◆ TASK PROMPT: Give again, exactly, every line of the entries below from the one that has "this 2212×1659 image." to the last.

◆ RAW DATA:

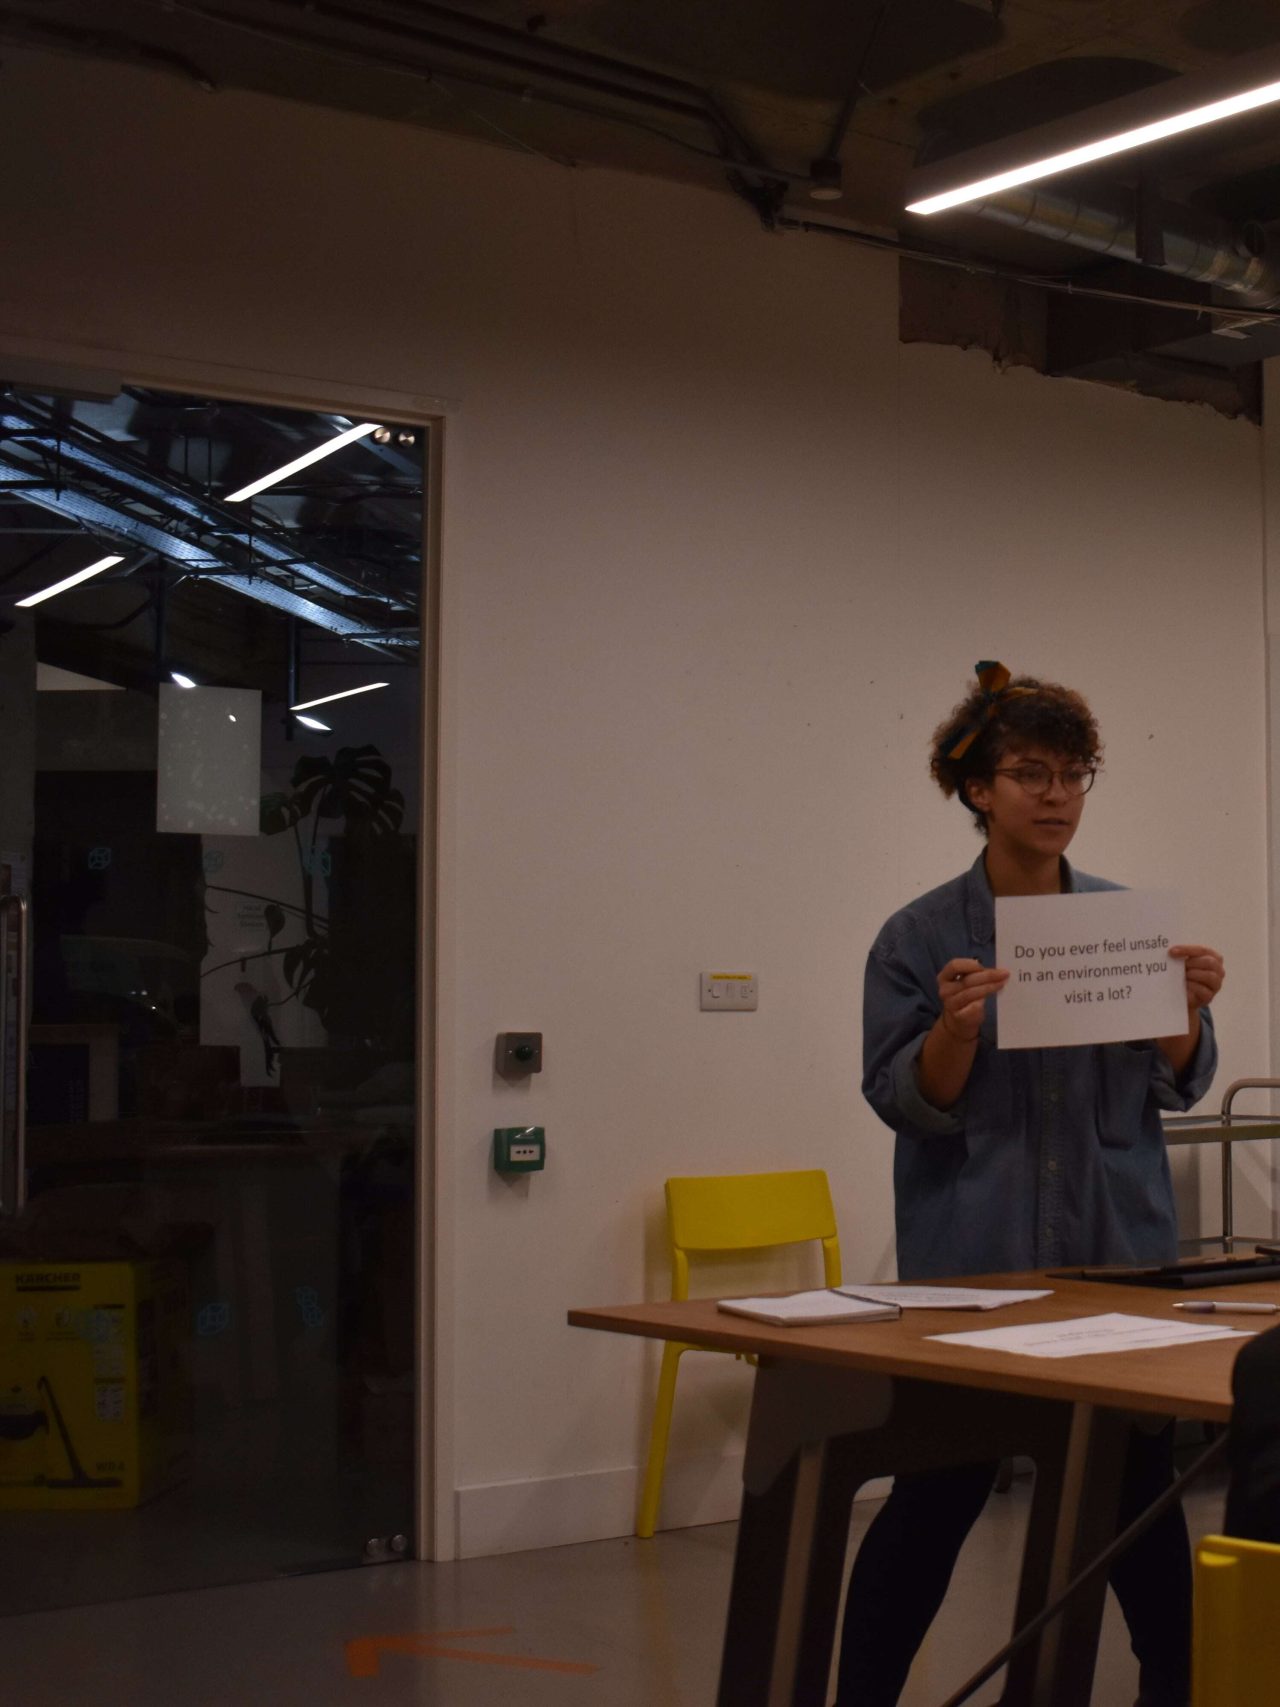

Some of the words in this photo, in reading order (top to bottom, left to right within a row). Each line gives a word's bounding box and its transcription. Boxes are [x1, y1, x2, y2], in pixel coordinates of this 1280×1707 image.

[1015, 945, 1034, 958] Do
[1039, 946, 1065, 960] you
[1070, 942, 1099, 955] ever
[1103, 938, 1126, 953] feel
[1130, 935, 1169, 950] unsafe
[1018, 970, 1031, 982] in
[1036, 971, 1054, 981] an
[1058, 962, 1142, 980] environment
[1146, 962, 1167, 975] you
[1065, 989, 1092, 1003] visit
[1097, 991, 1104, 1001] a
[1108, 985, 1132, 1001] lot?
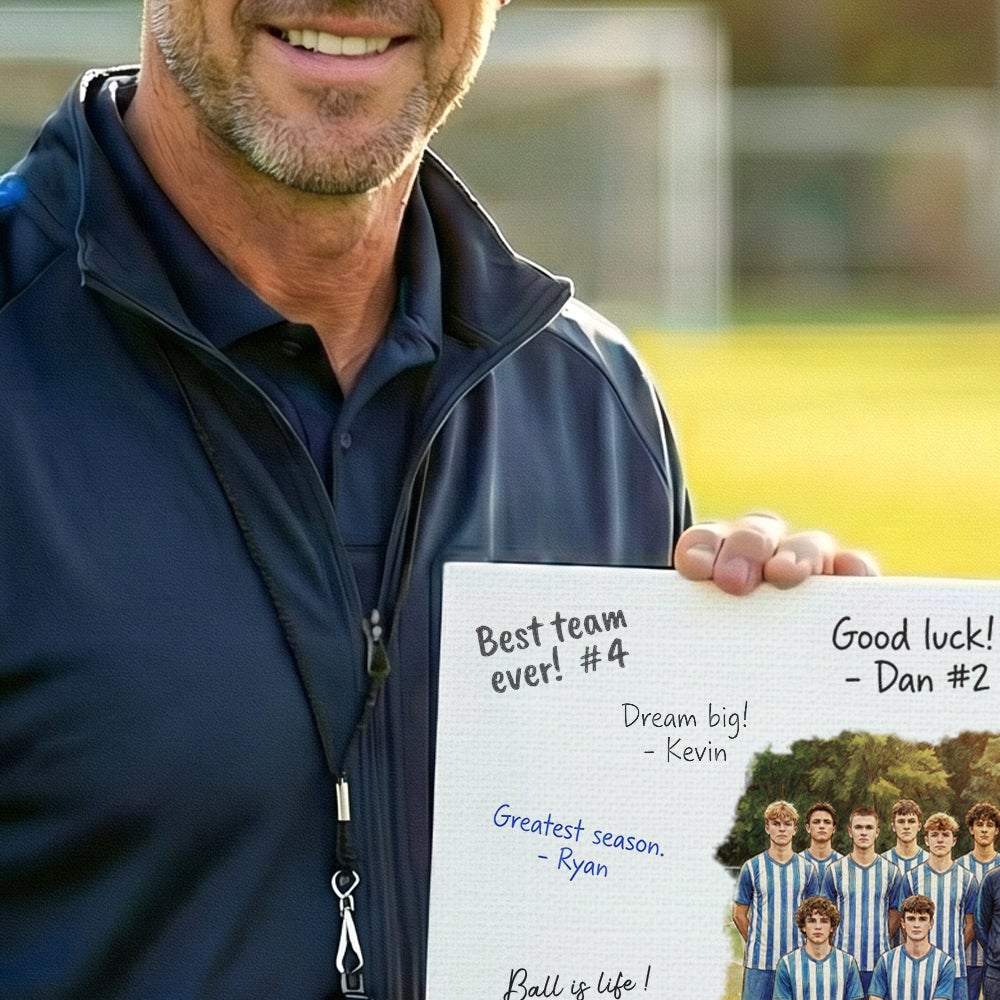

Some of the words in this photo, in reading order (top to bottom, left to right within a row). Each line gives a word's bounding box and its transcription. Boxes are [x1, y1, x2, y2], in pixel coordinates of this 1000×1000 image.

[474, 615, 545, 658] Best
[549, 609, 628, 643] team
[831, 615, 911, 652] Good
[924, 614, 995, 652] luck!
[491, 645, 563, 694] ever!
[579, 637, 630, 674] #4
[873, 659, 934, 694] Dan
[946, 662, 991, 693] #2
[621, 702, 697, 729] Dream
[708, 700, 748, 745] big!
[667, 736, 727, 764] Kevin
[493, 803, 586, 843] Greatest
[591, 829, 665, 858] season.
[557, 846, 608, 882] Ryan
[596, 970, 637, 1000] life
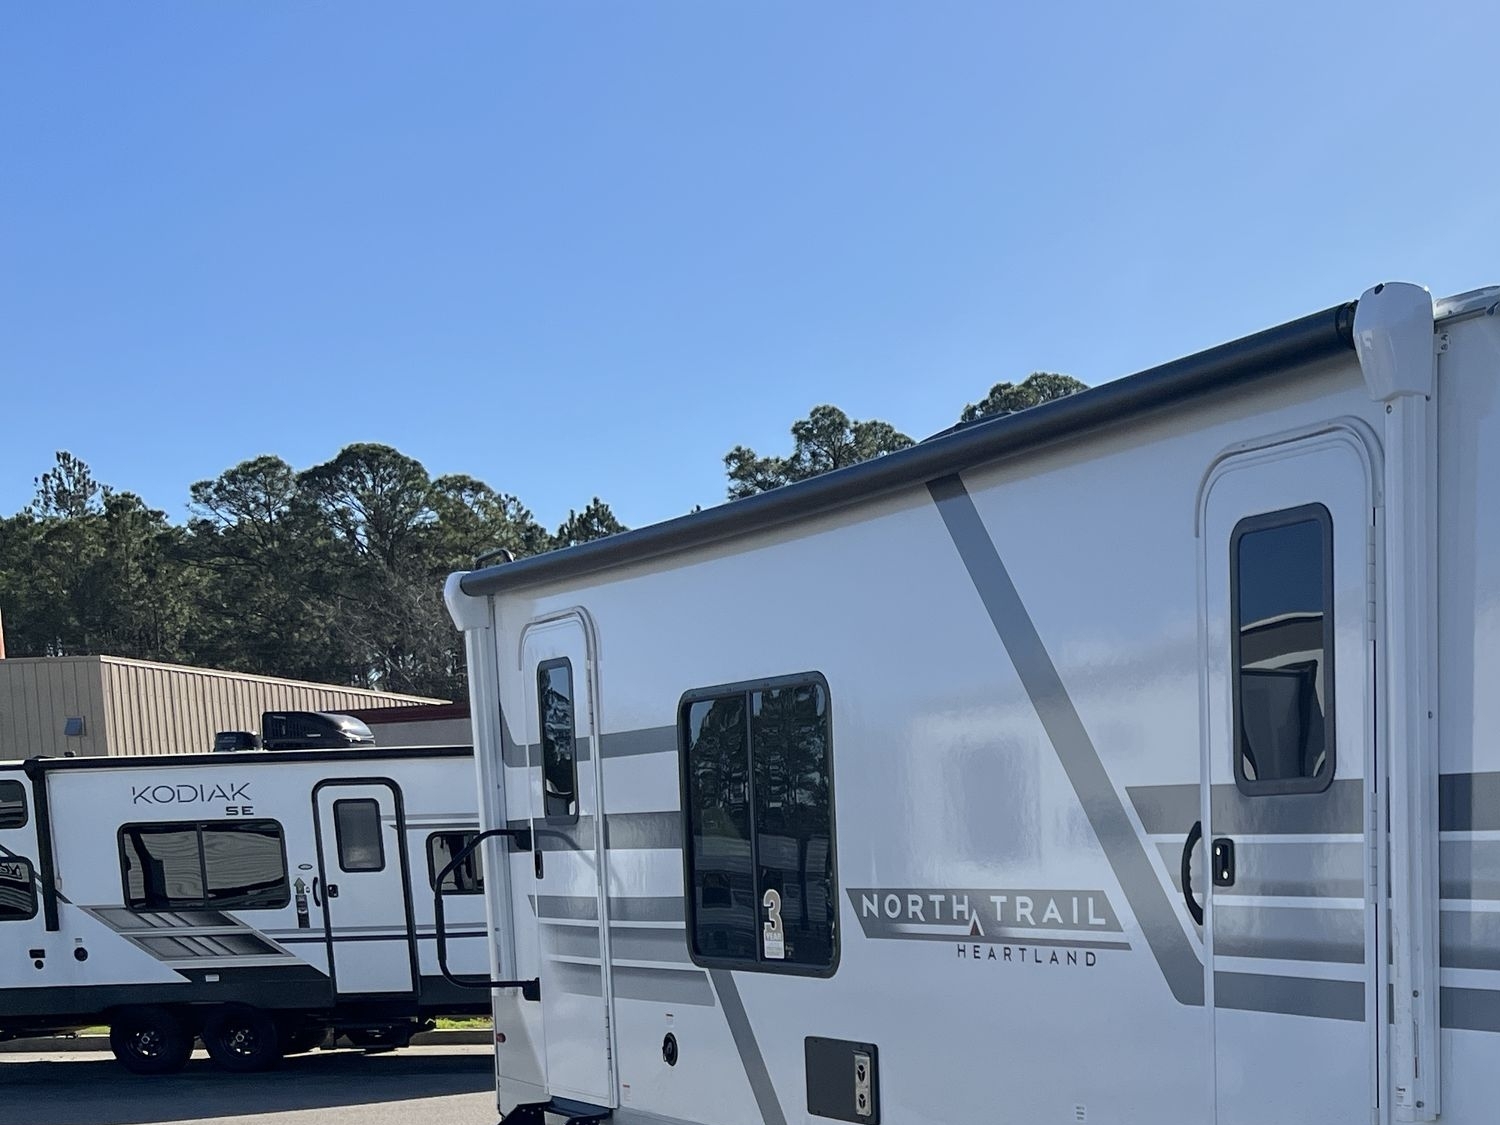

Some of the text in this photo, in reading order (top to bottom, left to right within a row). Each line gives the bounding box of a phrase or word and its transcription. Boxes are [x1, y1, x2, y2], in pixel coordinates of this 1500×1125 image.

[132, 782, 252, 804] KODIAK
[225, 806, 254, 816] SE
[763, 888, 783, 931] 3
[861, 893, 1107, 925] NORTH TRAIL
[956, 943, 1097, 967] HEARTLAND
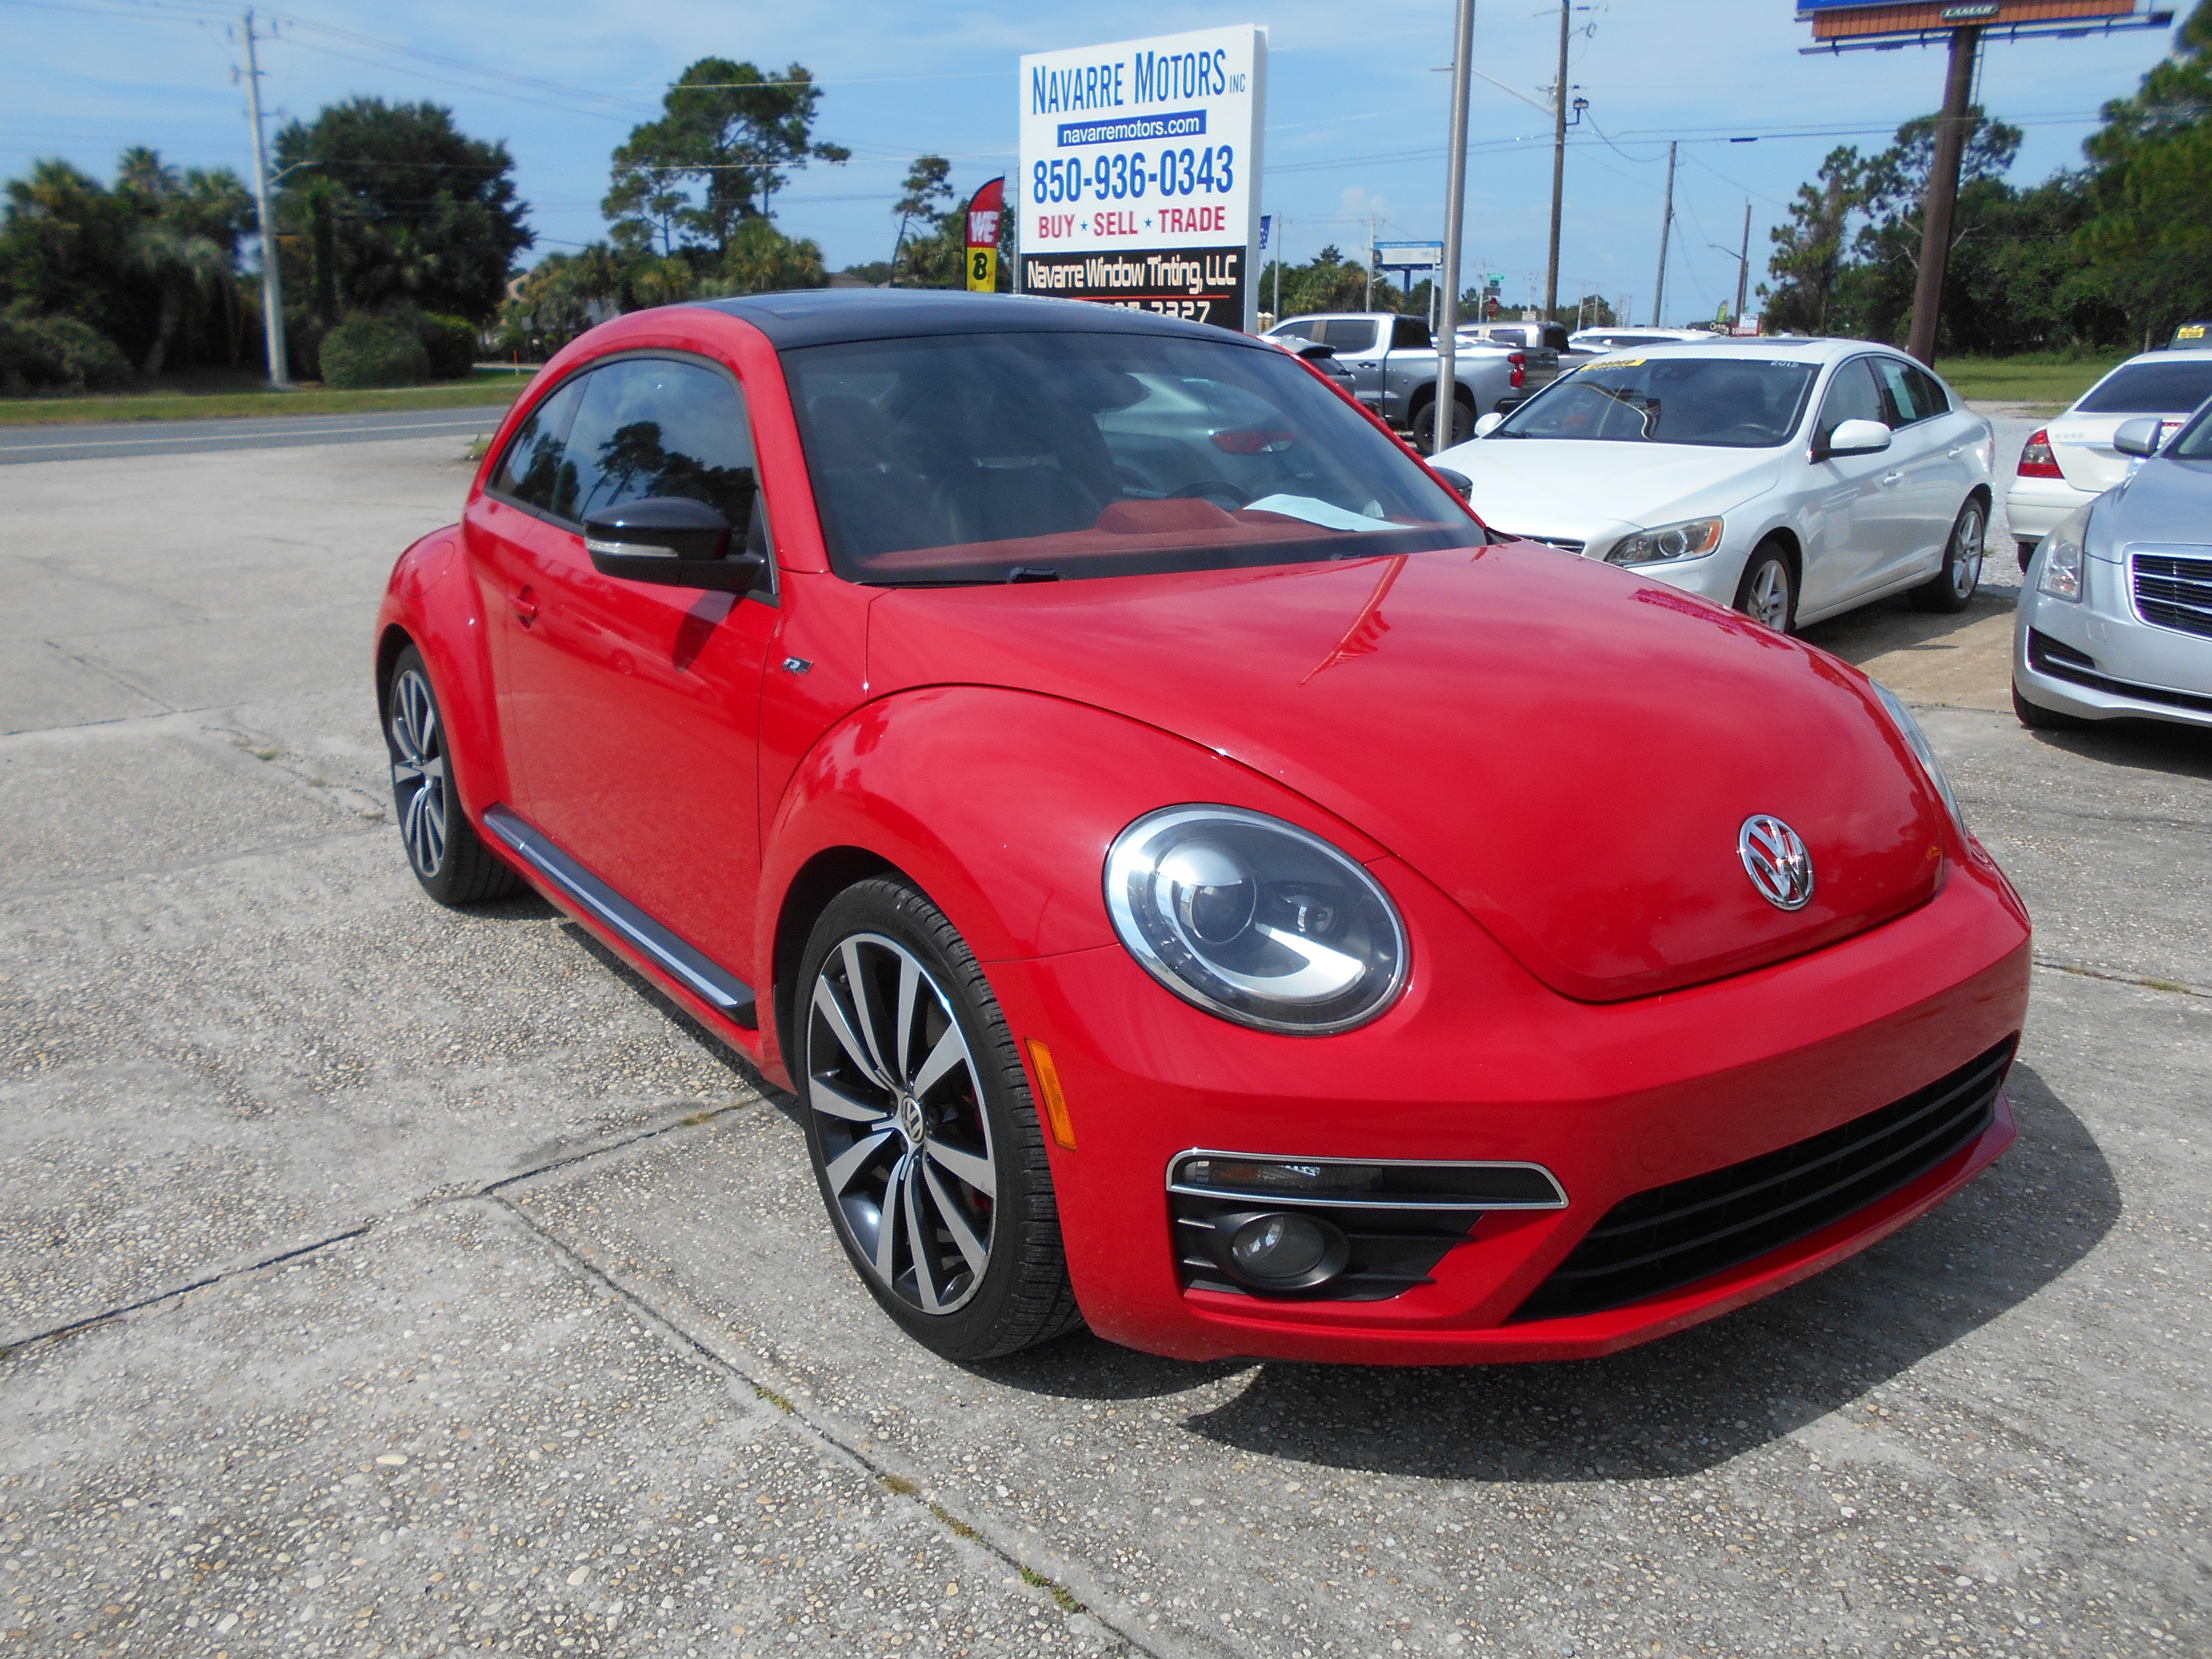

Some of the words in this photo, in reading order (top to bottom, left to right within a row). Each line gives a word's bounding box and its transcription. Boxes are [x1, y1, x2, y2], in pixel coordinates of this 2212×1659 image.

[1945, 6, 1993, 17] LAMAR
[1033, 62, 1124, 115] NAVARRE
[1135, 47, 1226, 104] MOTORS
[1230, 73, 1245, 93] INC
[1063, 117, 1199, 143] navarremotors.com
[1033, 144, 1234, 204] 850-936-0343
[970, 210, 999, 242] WE
[1039, 214, 1075, 238] BUY
[1094, 211, 1138, 236] SELL
[1158, 206, 1225, 233] TRADE
[1028, 260, 1084, 288] Navarre
[1086, 256, 1146, 287] Window
[1147, 255, 1203, 295] Tinting,
[1206, 255, 1237, 286] LLC

◆ OUTPUT OF THE EXERCISE:
Some of the words in this photo, in reading order (top to bottom, left to right within a row). Each line gives a word's bounding box and its transcription. Boxes are [x1, y1, x2, y2], in pixel coordinates of this 2212×1659 image.

[1945, 6, 1993, 17] LAMAR
[1033, 62, 1124, 115] NAVARRE
[1135, 47, 1226, 104] MOTORS
[1230, 73, 1245, 93] INC
[1063, 117, 1199, 143] navarremotors.com
[1033, 144, 1234, 204] 850-936-0343
[970, 210, 999, 242] WE
[1039, 214, 1075, 238] BUY
[1094, 211, 1138, 236] SELL
[1158, 206, 1225, 233] TRADE
[1028, 260, 1084, 288] Navarre
[1086, 256, 1146, 287] Window
[1147, 255, 1203, 295] Tinting,
[1206, 255, 1237, 286] LLC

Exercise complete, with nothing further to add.